根回ししたり、あらかじめ説明に回ったり、勉強会を開いたり・・・
していない努力は、本当に沢山あります。
まだまだお医者さんは「おれの言うとおりしろ」という人も多いのです。
根回しが出来ないヒト・・・いるでしょ?
かくいう私も、沢山失敗しています。
以前「消化管出血の患者さんにエリスロマイシンを点滴したら、胃が動いて胃の中の血液を排出して、出血点が見つけやすくなる」というRCTを読んだんです。
正直なところ「これは凄い!」と舞い上がりました。
で、ある日の吐血治療の際にエリスロマイシンをオーダーして、薬剤部に迷惑をかけました。。
事前の説明もしてないし、相談もしておらず・・・留めてくれた薬剤師さん、本当にありがとうございました。

11 全ての重要な転帰が考慮されていたか?

はい □ 不明 □ いいえ □

ヒント: 臨床試験は、ある1つの仮説を検討するために計画されているので、しばしば重要な転帰が全てカバーされていない。重要な転帰が見落とされていなかったか、以下の視点から考えてみよう:

  • 患者、対象者本人
  • 政策決定者や医療者、専門家
  • 家族または介護者
  • 地域・社会全体
    「いいえ」ならば、何が欠けていたかリストアップしよう。

リストアップにあたっては、出来たら勉強会や何人かで同じ論文を読んで、他人の視点を知りたいですね。
自分では、本当に1つの角度しか気づけないことが多いのです。
びっくりする視点に気づかせてくれるのは、やはり共同で学ぶことにつきます。

12 この臨床試験結果に基づいて、健康政策や方針、医療内容を変えるべきか?

ヒント:治療によって期待される「益」に、懸念される「害」や「コスト」をかける価値があるかどうか考えよう。もし、この情報が報告されていないのなら、他から情報が得られないだろうか?
はい □ いいえ □

ここでは、「はい」「いいえ」しかないんです。
治療行為を決めるときに、不明は無いんですよね。
ツライこともありますが、決定していかないといけません。
でも、この選択肢のおかげで、患者さんのご家族が治療方針を聞かれて悩む気持ちが少しずつわかってきました。

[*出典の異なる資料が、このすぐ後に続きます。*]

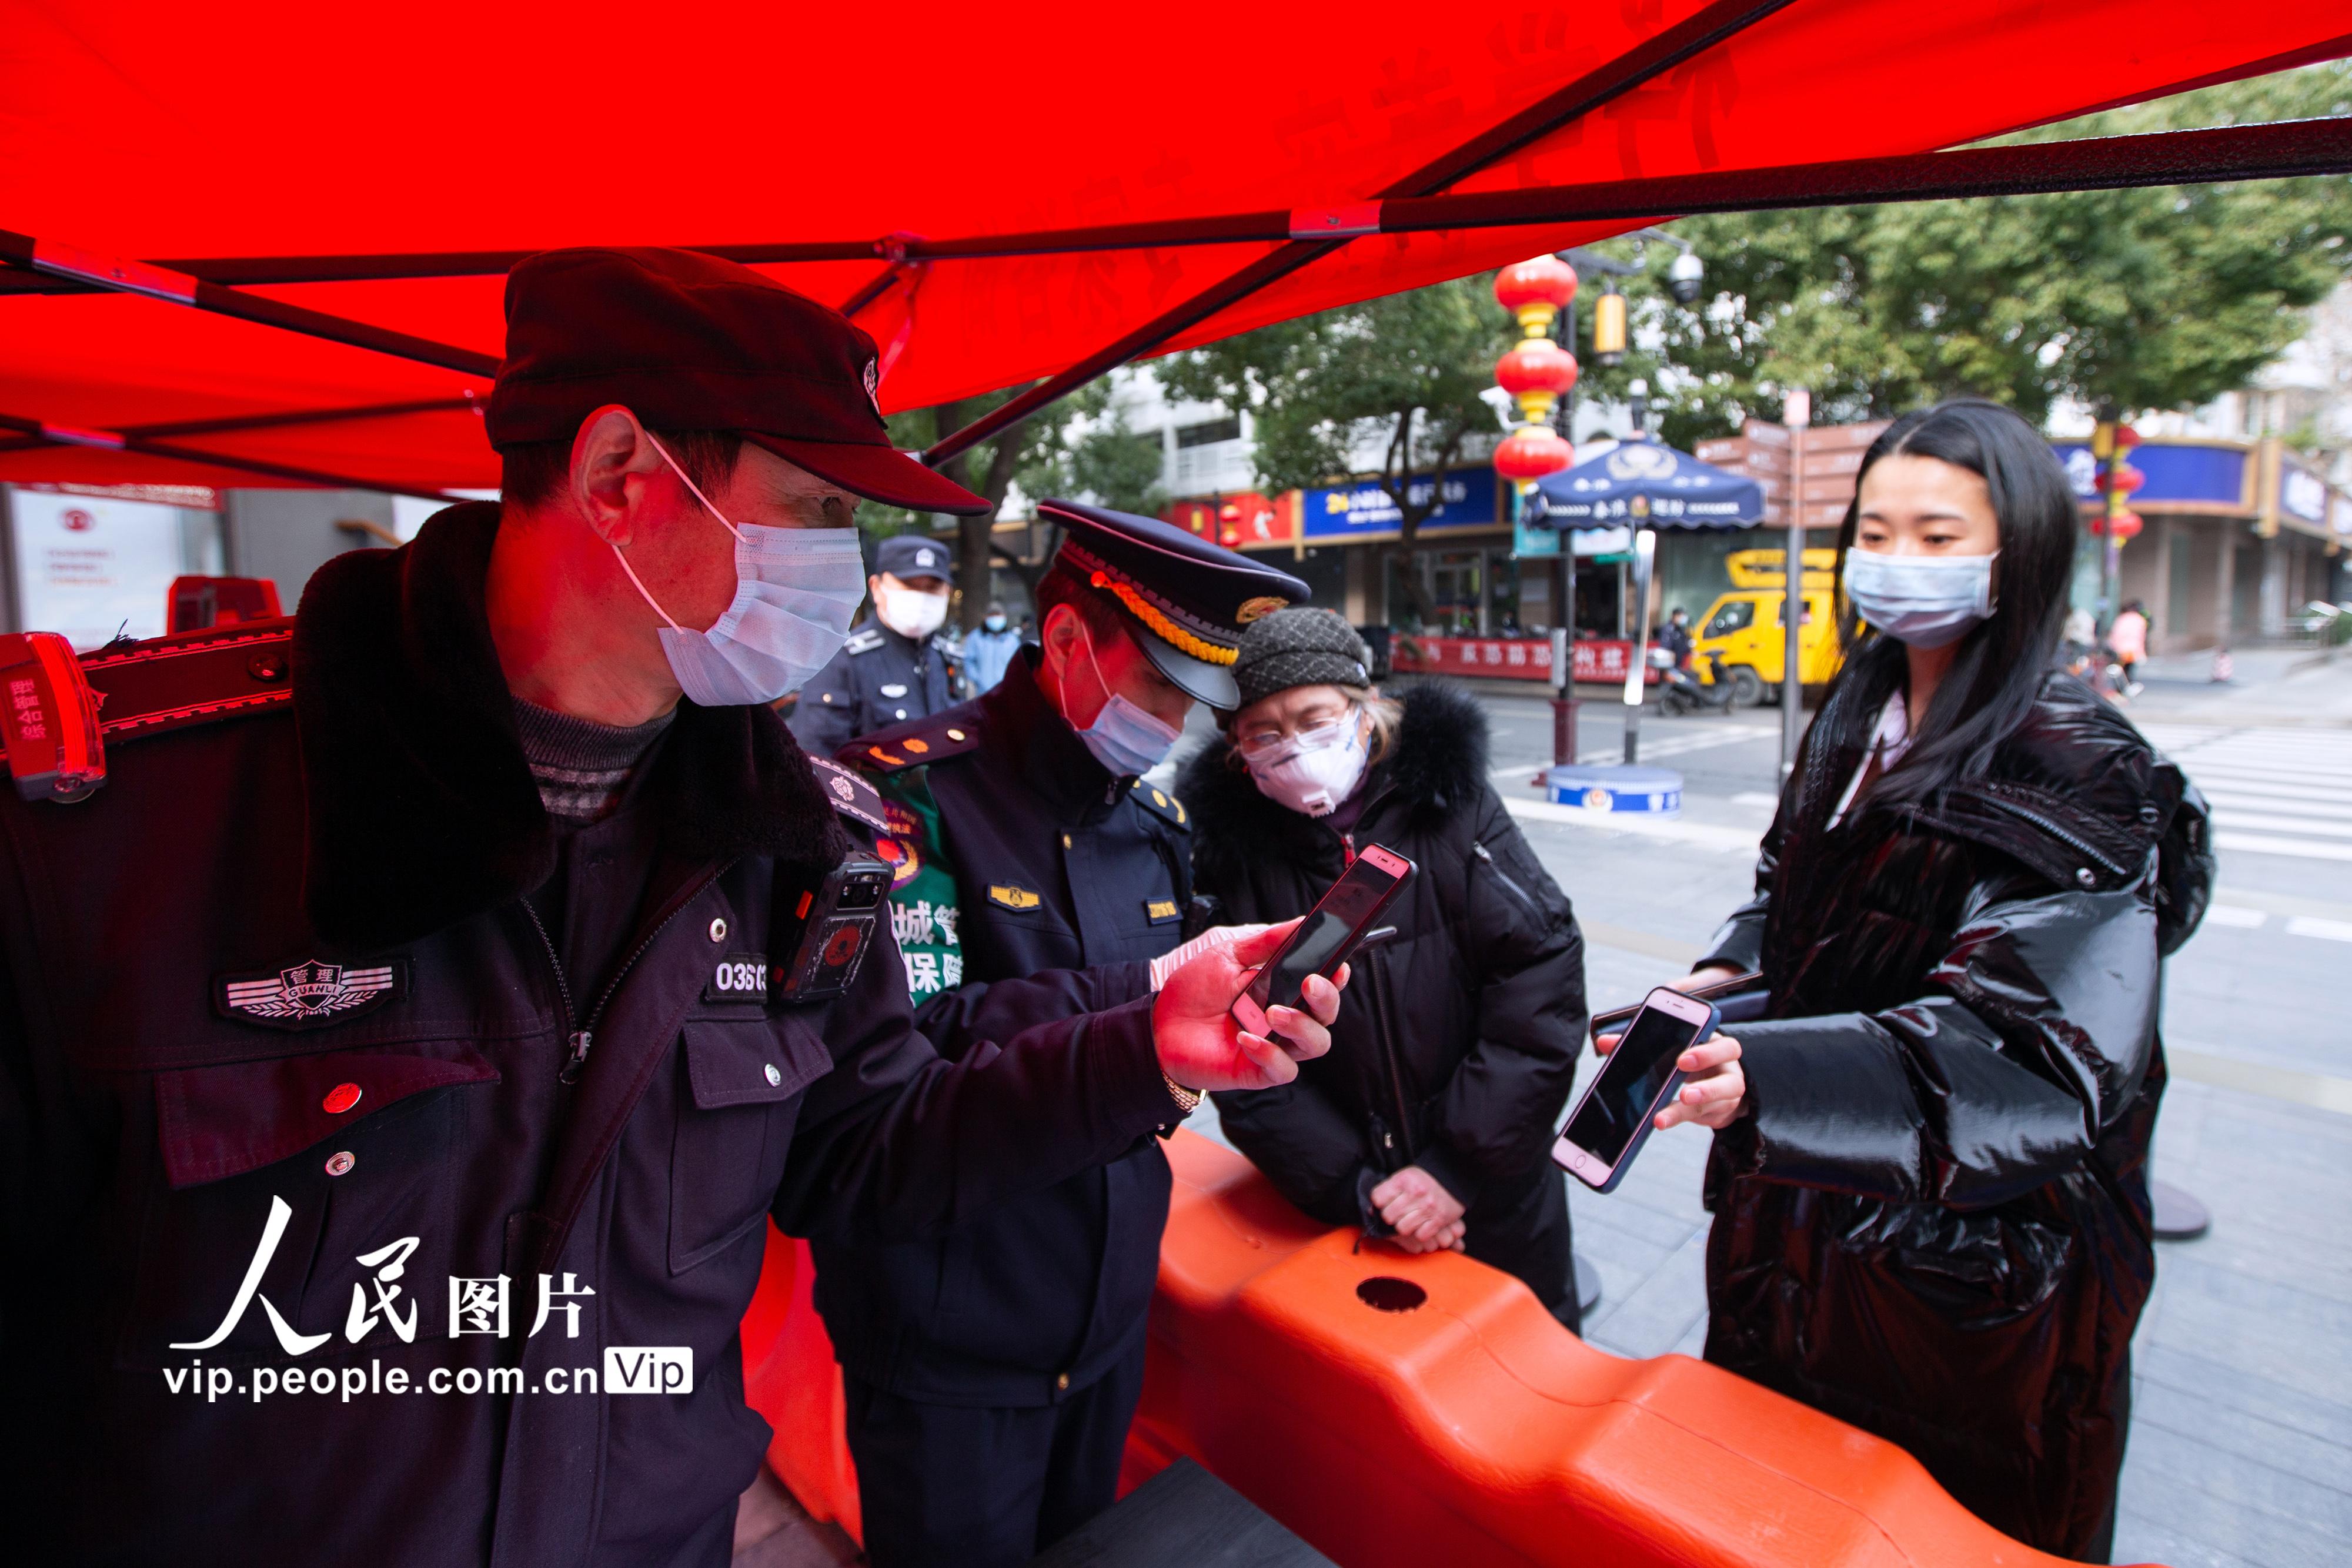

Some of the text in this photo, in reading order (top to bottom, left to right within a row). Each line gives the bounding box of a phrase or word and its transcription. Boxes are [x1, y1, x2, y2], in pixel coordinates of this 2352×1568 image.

1つのランダム化比較試験が、臨床での医療行為を変えたり健康政策を変更したりするほど、強い根拠となることはめったにありません。

このひと言が、効いています。
RCTを振り回すようなことは厳に慎まないといけません。それはRCTを読んでも、たいていの場合は、ちょっと対象者が論文と違ったり、いろいろ問題があるんです。
二次文献だけでやっつけてしまったり、アブストラクトだけで済ませるとそういうことに気づけません。